### ASSIGNMENT:
Go through the data below and transcribe it exactly. Omit the images.
=====
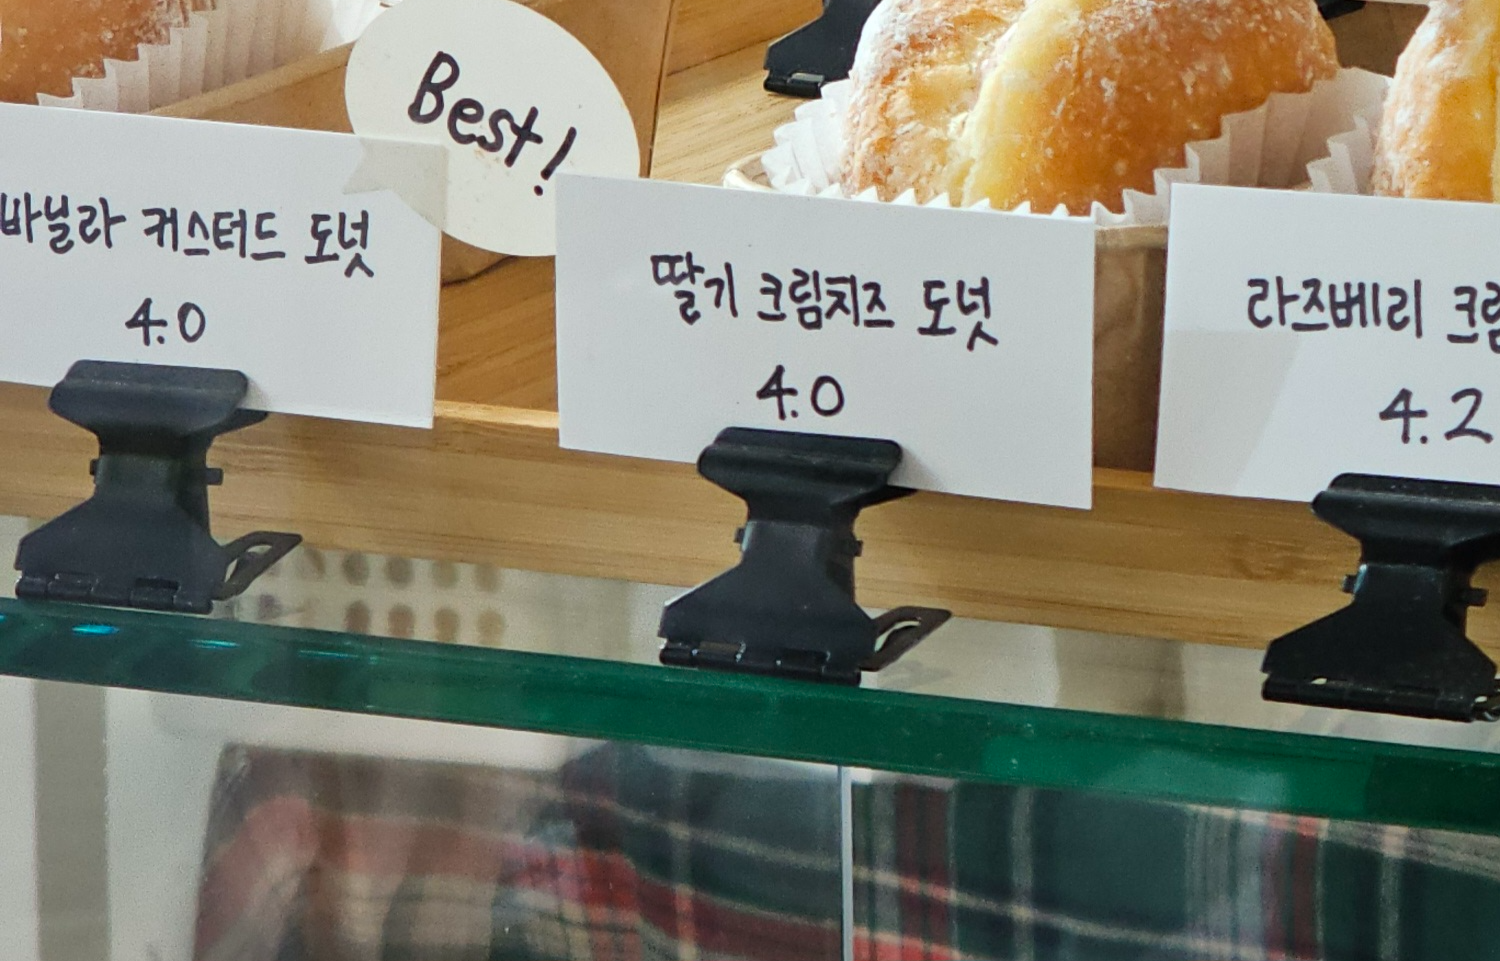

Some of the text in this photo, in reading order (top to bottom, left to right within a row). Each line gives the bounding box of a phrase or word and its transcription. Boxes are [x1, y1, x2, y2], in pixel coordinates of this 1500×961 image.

[407, 50, 578, 197] Best!
[0, 191, 375, 278] 바닐라 커스터드 도넛
[124, 297, 206, 347] 4.0
[649, 250, 999, 352] 딸기 크림치즈 도넛
[1247, 275, 1423, 339] 라즈베리
[755, 364, 845, 421] 4.0
[1378, 387, 1494, 445] 4.2
=====
### WRITTEN REPLY:
Some of the text in this photo, in reading order (top to bottom, left to right within a row). Each line gives the bounding box of a phrase or word and its transcription. Boxes are [x1, y1, x2, y2], in pixel coordinates of this 1500×961 image.

[407, 50, 578, 197] Best!
[0, 191, 375, 278] 바닐라 커스터드 도넛
[124, 297, 206, 347] 4.0
[649, 250, 999, 352] 딸기 크림치즈 도넛
[1247, 275, 1423, 339] 라즈베리
[755, 364, 845, 421] 4.0
[1378, 387, 1494, 445] 4.2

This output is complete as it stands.